Le ministère a transmis des consignes aux DSDEN, sans réelle concertation avec les organisations syndicales, et sans discussion préalable sur les conséquences concrètes pour les personnels. Dans de nombreux départements, les collègues découvrent progressivement un modèle qui tend à fusionner les différents types de remplaçants et à gommer les logiques de proximité.
Cette centralisation accrue pose plusieurs questions de fond. Comment s’assurer que la continuité pédagogique sera réellement améliorée ? Comment éviter que l’optimisation des moyens ne se traduise par un allongement des distances, une instabilité permanente et une dégradation silencieuse des conditions d’exercice ? Comment préserver ce qui fait aujourd’hui la richesse – et l’efficacité – du remplacement, fondé sur la connaissance fine des écoles, des équipes et des personnels par les secrétaires de circonscription et les agents en charge des affectations ?
Nos exigences
Le facteur humain est ici central. Un outil de gestion, aussi performant soit-il sur le papier, ne remplacera jamais l’expertise des personnels administratifs qui connaissent les collègues, les contraintes locales et les spécificités des écoles. Ces personnels doivent être pleinement associés à la conception et à l’évolution des outils numériques afin qu’ils restent des aides à la décision et non des sources supplémentaires de rigidité et de pression.
Dans ce contexte, Action & Démocratie rappelle avec force au ministère deux évidences :
La première, c’est qu’on ne peut pas améliorer le taux de remplacement, qui selon un rapport sénatorial était d’environ 78,3 % en 2023-2024, en demandant davantage aux collègues et sans augmenter en même temps le nombre de remplaçants en portant le taux de remplaçants au moins à 10% partout.
La seconde, c’est que si l’on demande davantage aux titulaires remplaçants, la reconnaissance doit suivre. L’élargissement des zones d’intervention, l’intensification des déplacements et l’incertitude accrue rendent plus que jamais urgente la revalorisation de l’ISSR, aujourd’hui figée depuis 2022 alors que le coût de la vie a fortement augmenté depuis. De la même manière, les modalités de calcul et de versement des indemnités REP et REP+, particulièrement défavorables aux remplaçants, doivent être revues.

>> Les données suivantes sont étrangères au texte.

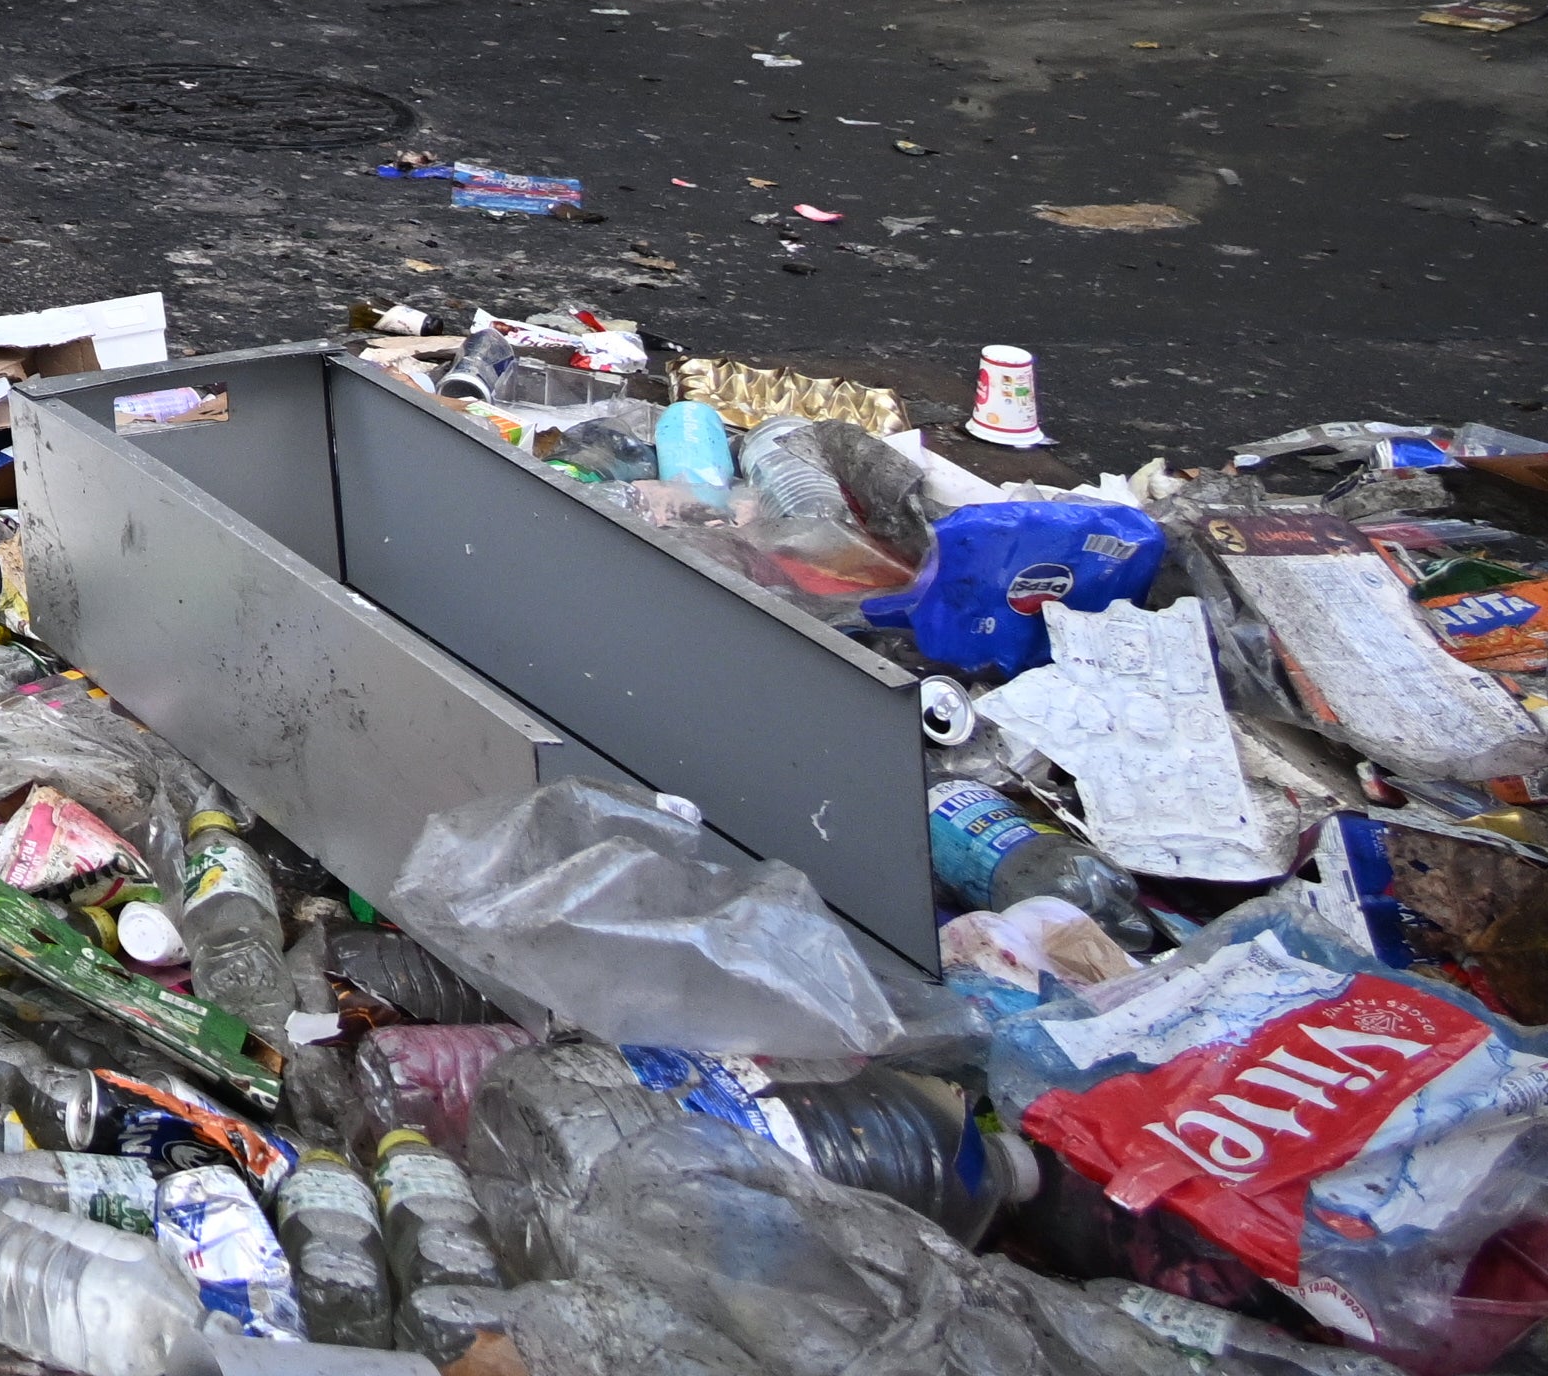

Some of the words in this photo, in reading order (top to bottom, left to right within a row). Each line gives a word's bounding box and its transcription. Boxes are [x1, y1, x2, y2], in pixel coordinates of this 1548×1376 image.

[1009, 579, 1069, 594] PEPSI
[1435, 592, 1537, 627] ANTA
[1142, 1023, 1433, 1183] Vittel
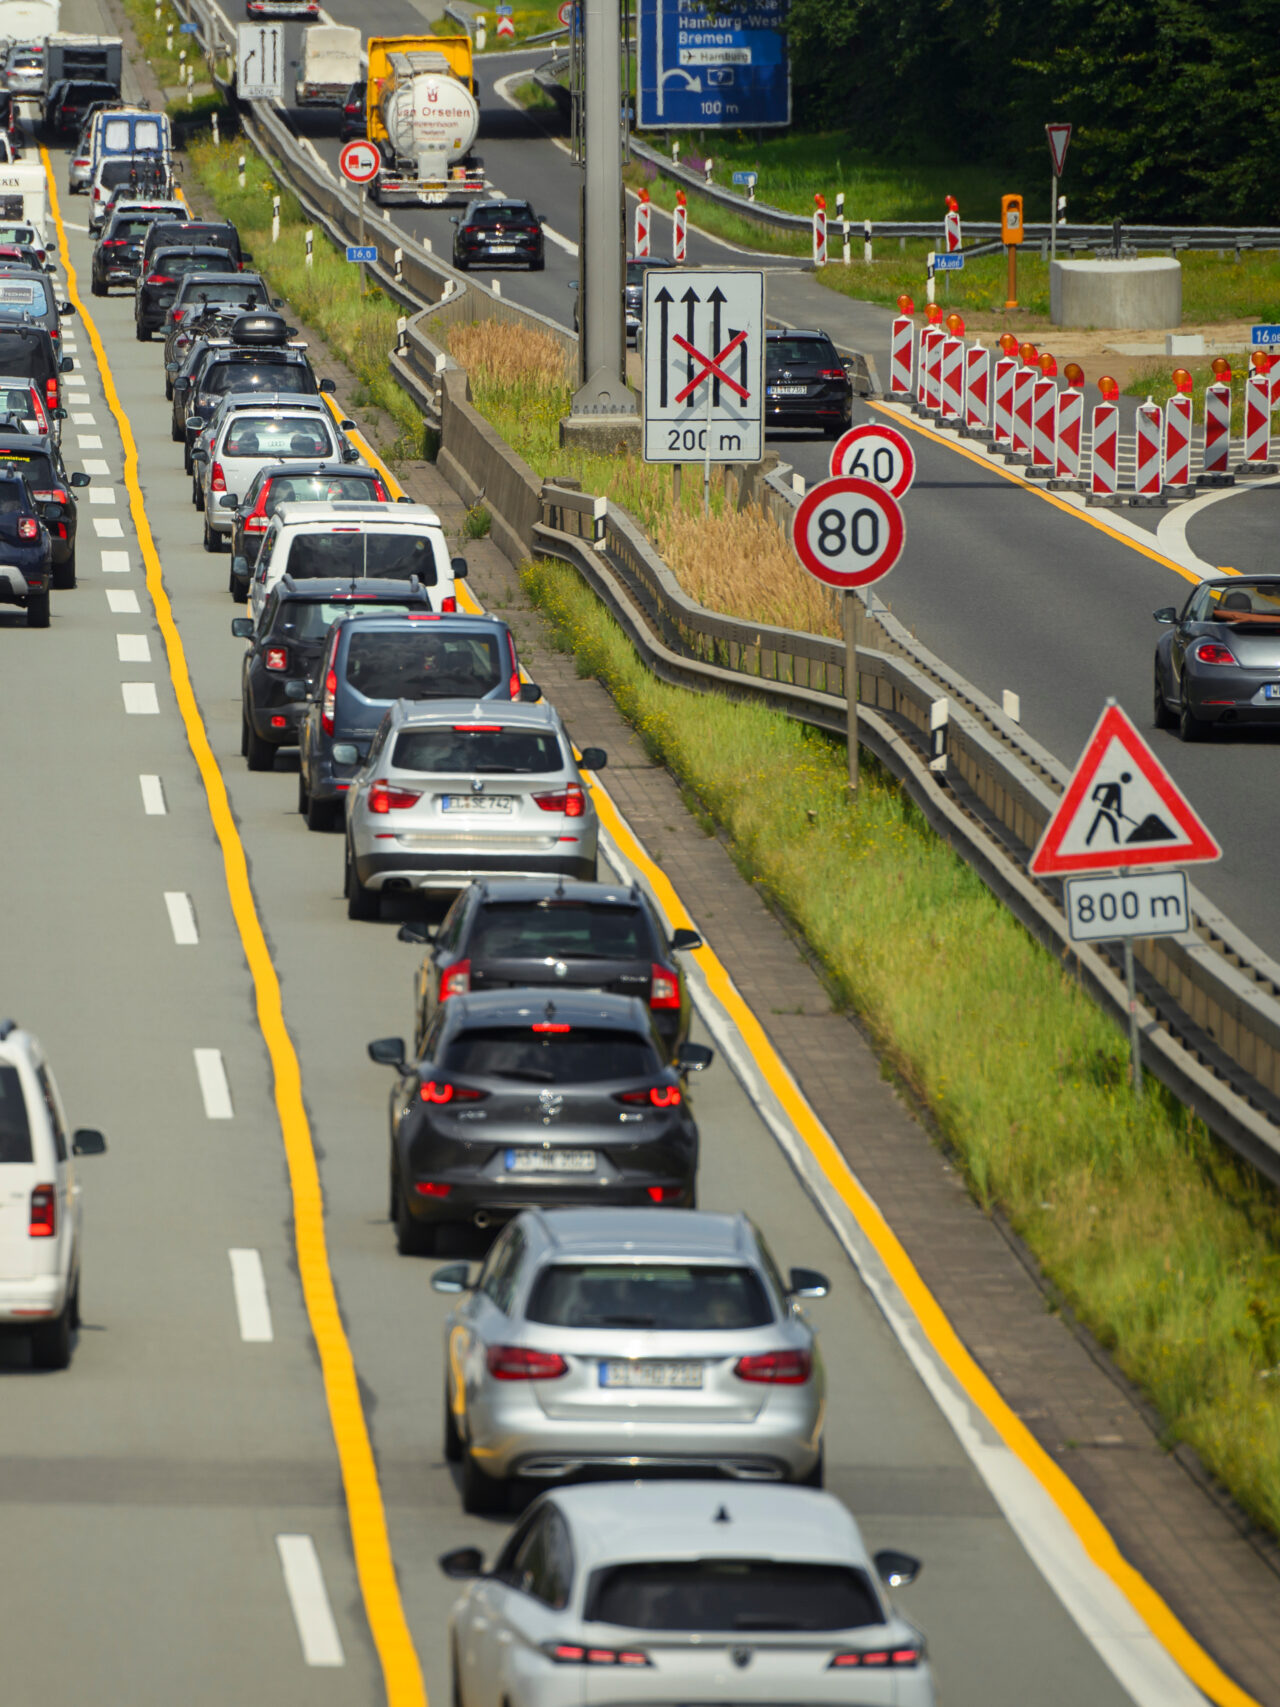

Efficacité oui, dégradation non
Améliorer le remplacement ne peut pas se résumer à une réorganisation administrative ou à l’élaboration d’un nouvel outil informatique de gestion. Cela suppose des moyens humains, des données transparentes, une concertation réelle et une reconnaissance financière à la hauteur des contraintes imposées par ces missions. À défaut, cette réforme risque de n’être qu’une nouvelle étape dans la dégradation progressive des conditions de travail des remplaçants, au détriment des personnels comme, in fine, des élèves.